• _What this task involves_:
Please restate the records that follow word for word, omitting any images.

[Annotated photo localization data]
· · · · · · ·

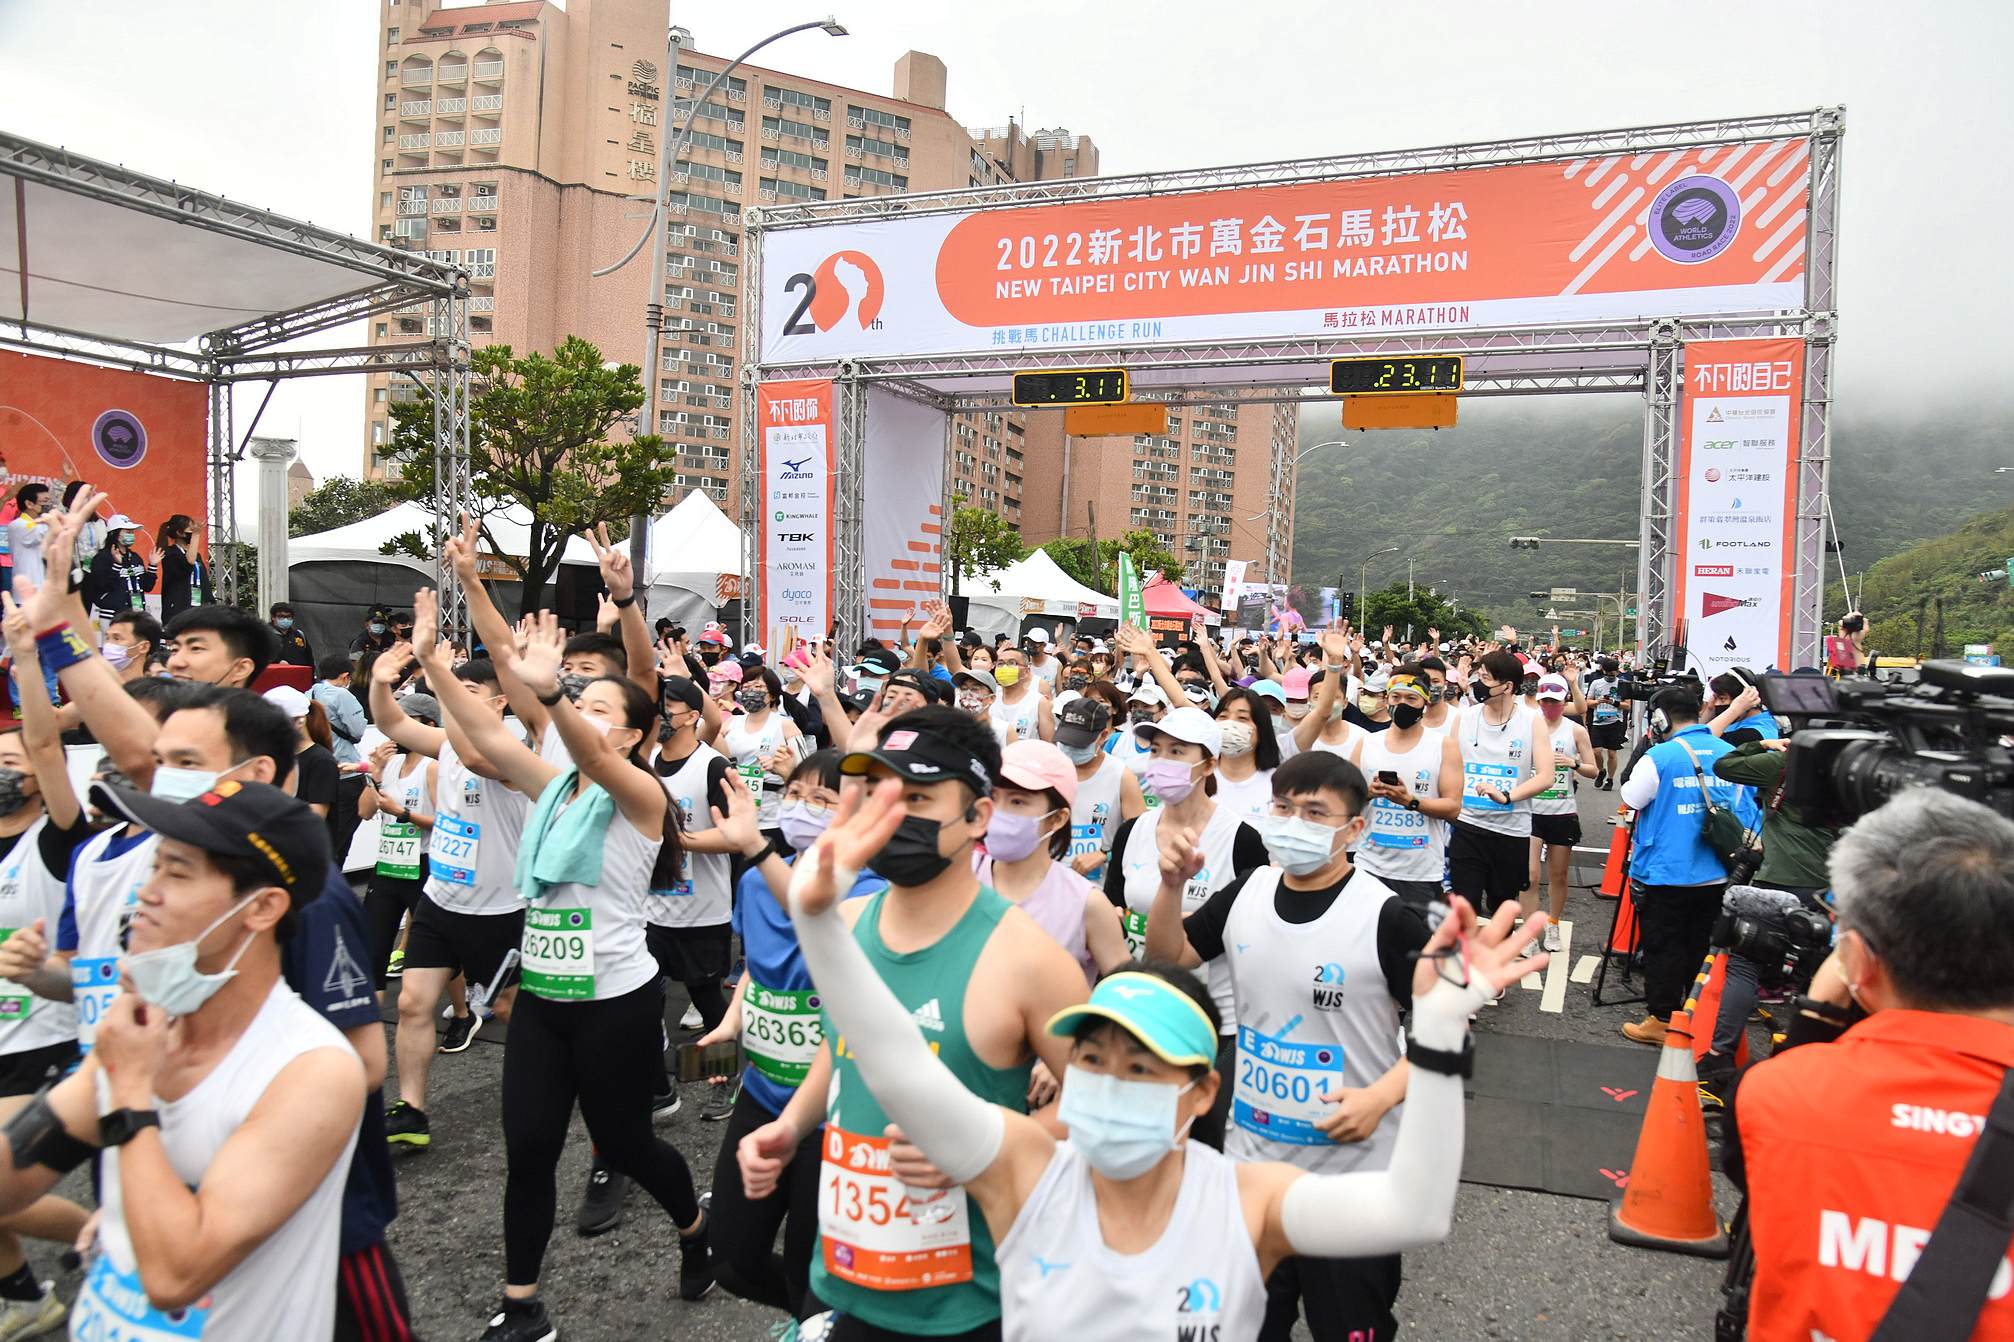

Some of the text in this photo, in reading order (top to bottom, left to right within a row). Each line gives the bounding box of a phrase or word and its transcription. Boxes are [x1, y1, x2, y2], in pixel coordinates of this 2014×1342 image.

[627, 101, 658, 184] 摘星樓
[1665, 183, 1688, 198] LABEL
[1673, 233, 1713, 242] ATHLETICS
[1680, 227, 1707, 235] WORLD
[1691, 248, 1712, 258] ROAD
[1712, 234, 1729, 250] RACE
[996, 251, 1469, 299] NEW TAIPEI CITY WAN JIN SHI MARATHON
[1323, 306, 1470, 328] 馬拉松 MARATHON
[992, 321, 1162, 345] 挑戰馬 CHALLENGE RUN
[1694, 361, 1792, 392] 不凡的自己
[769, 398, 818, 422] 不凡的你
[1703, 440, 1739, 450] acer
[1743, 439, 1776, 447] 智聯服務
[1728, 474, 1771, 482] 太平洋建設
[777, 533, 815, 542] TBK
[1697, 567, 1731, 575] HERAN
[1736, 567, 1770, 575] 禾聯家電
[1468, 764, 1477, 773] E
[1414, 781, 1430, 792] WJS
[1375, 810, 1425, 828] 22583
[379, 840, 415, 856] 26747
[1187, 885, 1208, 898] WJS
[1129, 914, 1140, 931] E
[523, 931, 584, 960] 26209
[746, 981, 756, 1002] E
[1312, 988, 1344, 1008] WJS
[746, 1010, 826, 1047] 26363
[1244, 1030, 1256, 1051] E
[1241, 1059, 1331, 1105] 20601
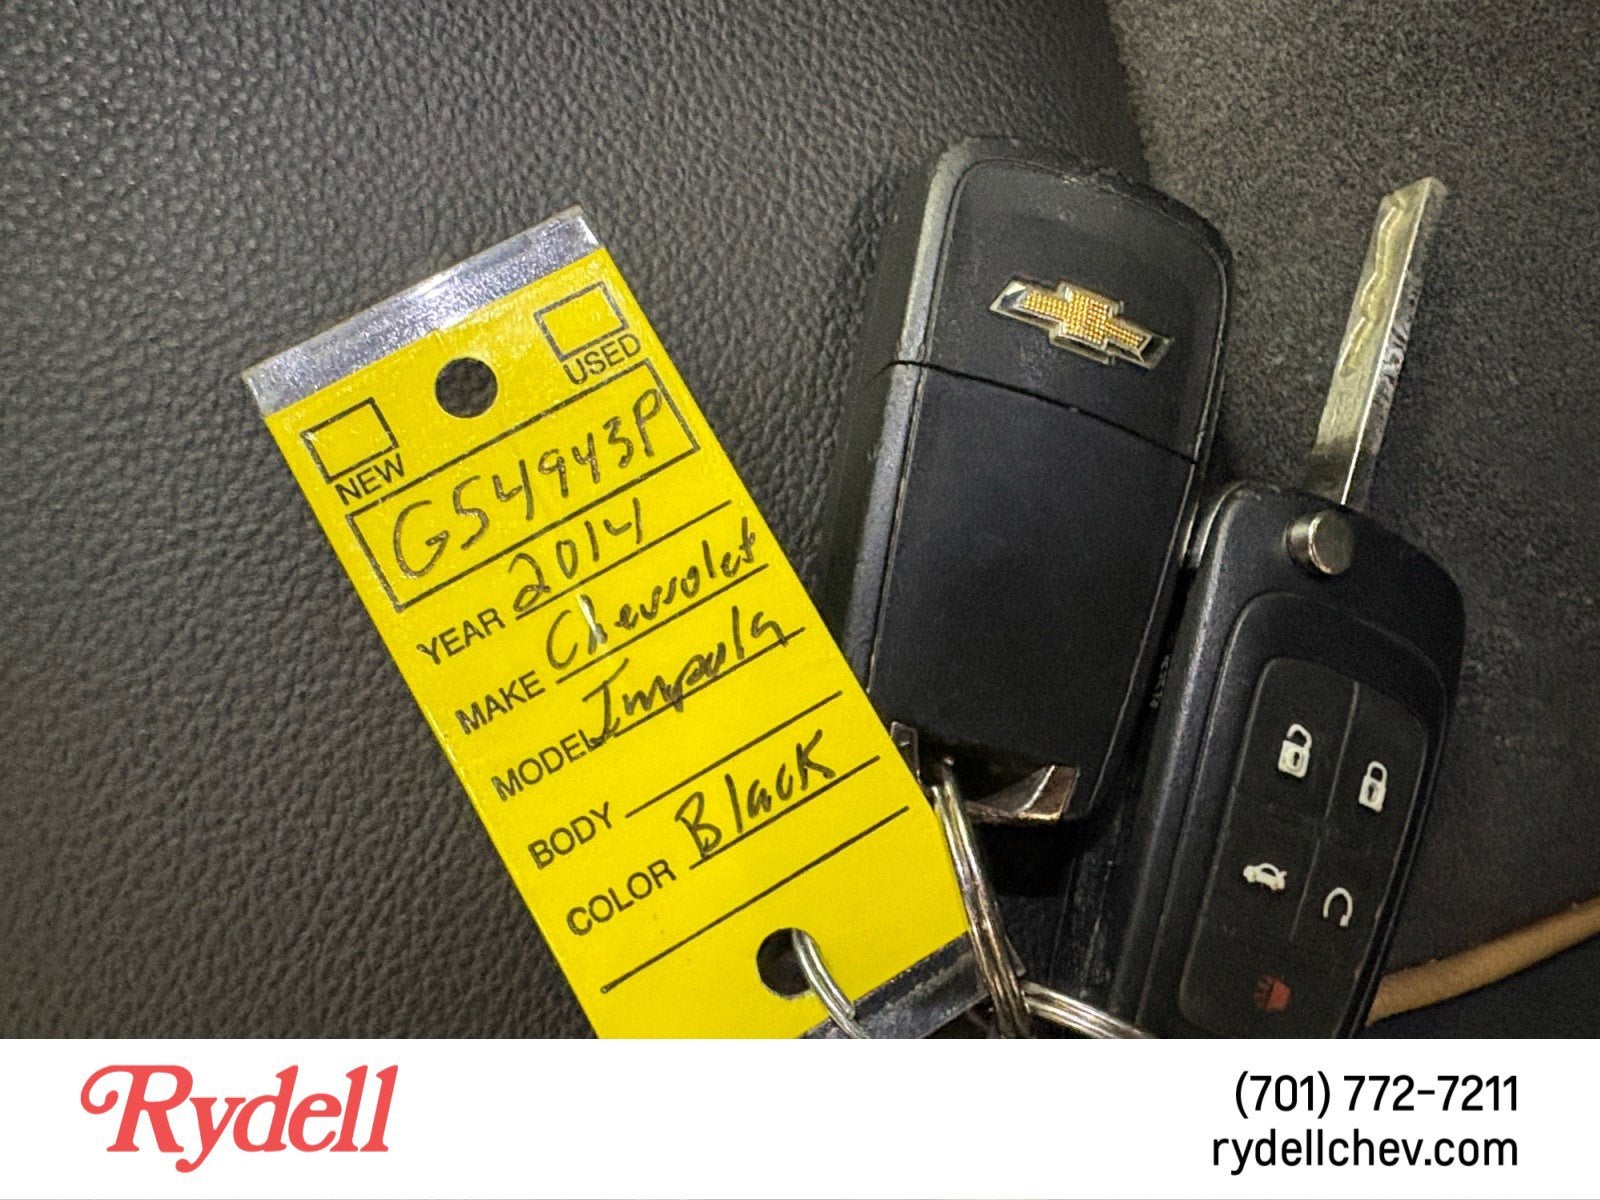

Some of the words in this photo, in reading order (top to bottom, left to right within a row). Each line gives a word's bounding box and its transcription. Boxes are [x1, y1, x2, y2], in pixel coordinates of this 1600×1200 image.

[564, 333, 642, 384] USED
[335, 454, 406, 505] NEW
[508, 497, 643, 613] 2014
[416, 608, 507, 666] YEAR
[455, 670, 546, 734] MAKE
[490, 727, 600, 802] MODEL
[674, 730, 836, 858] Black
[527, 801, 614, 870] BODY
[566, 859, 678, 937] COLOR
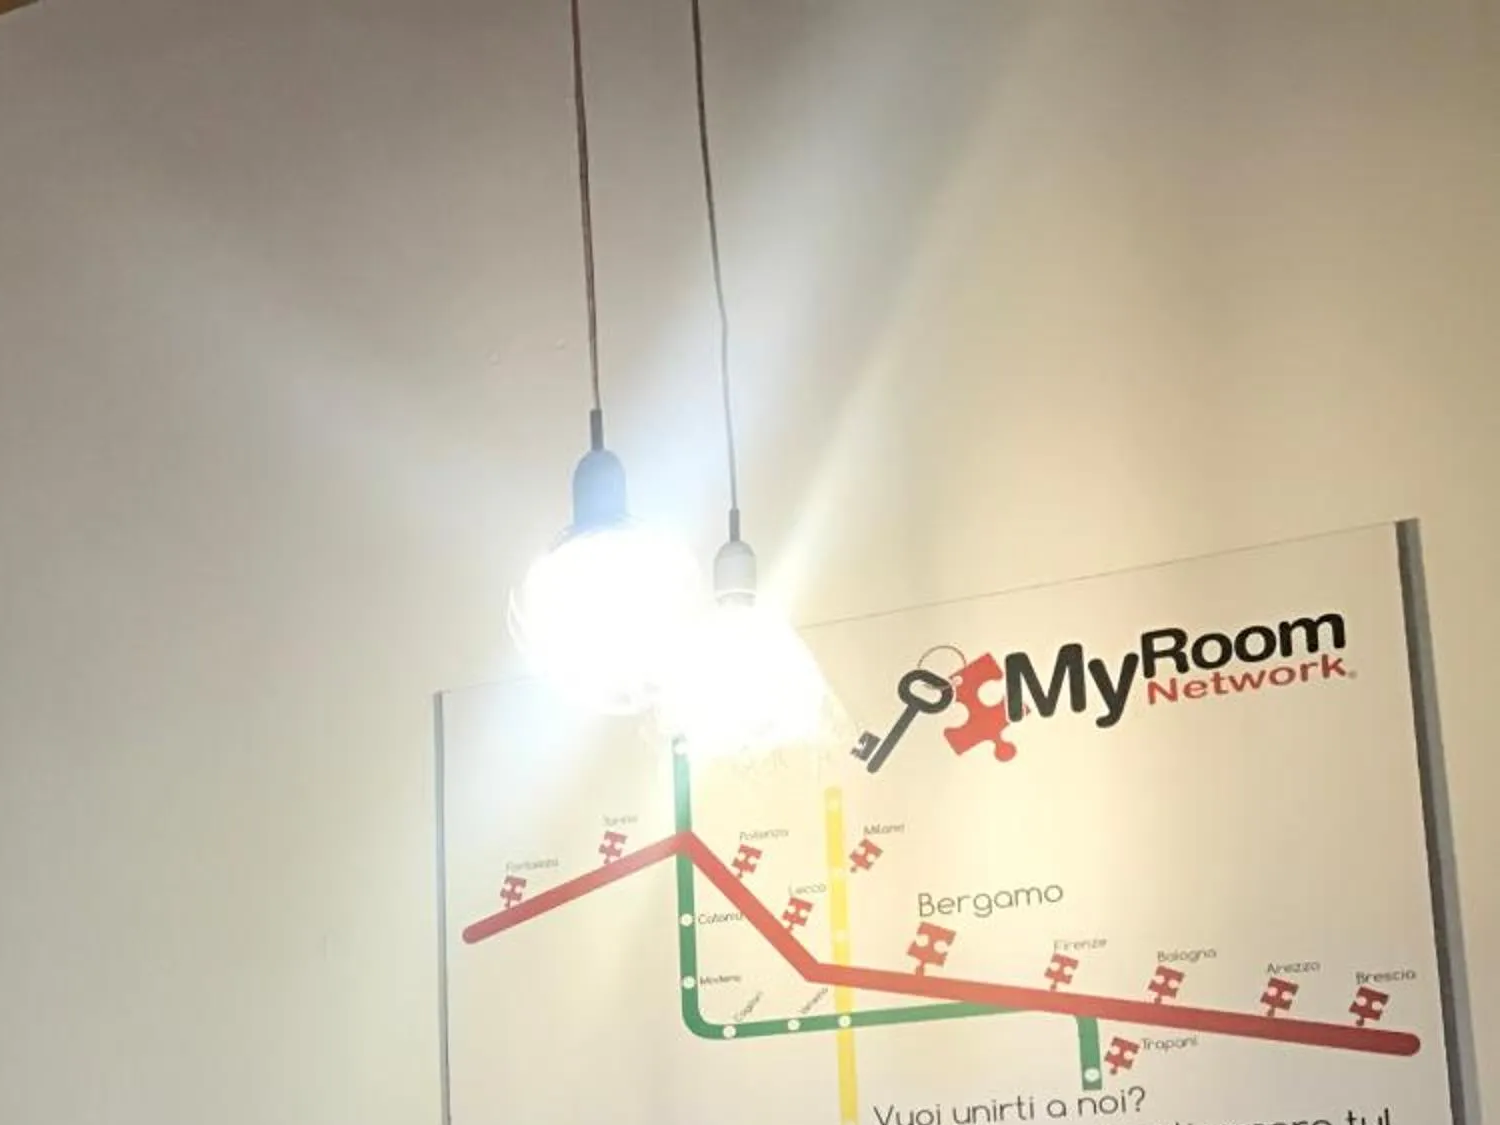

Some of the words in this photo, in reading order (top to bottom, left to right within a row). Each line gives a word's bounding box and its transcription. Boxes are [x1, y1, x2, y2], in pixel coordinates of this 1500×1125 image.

· · · · · · ·

• _Response area_:
Some of the text in this photo, in reading order (top to bottom, left to right within a row). Each line gives the bounding box of a phrase or word and its transcription. Boxes are [x1, y1, x2, y2], in pixel coordinates of this 2014×1342 image.

[627, 101, 658, 184] 摘星樓
[1665, 183, 1688, 198] LABEL
[1673, 233, 1713, 242] ATHLETICS
[1680, 227, 1707, 235] WORLD
[1691, 248, 1712, 258] ROAD
[1712, 234, 1729, 250] RACE
[996, 251, 1469, 299] NEW TAIPEI CITY WAN JIN SHI MARATHON
[1323, 306, 1470, 328] 馬拉松 MARATHON
[992, 321, 1162, 345] 挑戰馬 CHALLENGE RUN
[1694, 361, 1792, 392] 不凡的自己
[769, 398, 818, 422] 不凡的你
[1703, 440, 1739, 450] acer
[1743, 439, 1776, 447] 智聯服務
[1728, 474, 1771, 482] 太平洋建設
[777, 533, 815, 542] TBK
[1697, 567, 1731, 575] HERAN
[1736, 567, 1770, 575] 禾聯家電
[1468, 764, 1477, 773] E
[1414, 781, 1430, 792] WJS
[1375, 810, 1425, 828] 22583
[379, 840, 415, 856] 26747
[1187, 885, 1208, 898] WJS
[1129, 914, 1140, 931] E
[523, 931, 584, 960] 26209
[746, 981, 756, 1002] E
[1312, 988, 1344, 1008] WJS
[746, 1010, 826, 1047] 26363
[1244, 1030, 1256, 1051] E
[1241, 1059, 1331, 1105] 20601

Some of the words in this photo, in reading order (top to bottom, left to right within a row). Each line gives a word's bounding box and its transcription. Boxes are [x1, y1, x2, y2], in pixel coordinates of this 1600×1200 image.

[564, 333, 642, 384] USED
[335, 454, 406, 505] NEW
[508, 497, 643, 613] 2014
[416, 608, 507, 666] YEAR
[455, 670, 546, 734] MAKE
[490, 727, 600, 802] MODEL
[674, 730, 836, 858] Black
[527, 801, 614, 870] BODY
[566, 859, 678, 937] COLOR

Some of the words in this photo, in reading order (top to bottom, left to right within a row). Each line gives a word's bounding box and its transcription. Boxes are [x1, y1, x2, y2], in pixel coordinates of this 1500×1125 image.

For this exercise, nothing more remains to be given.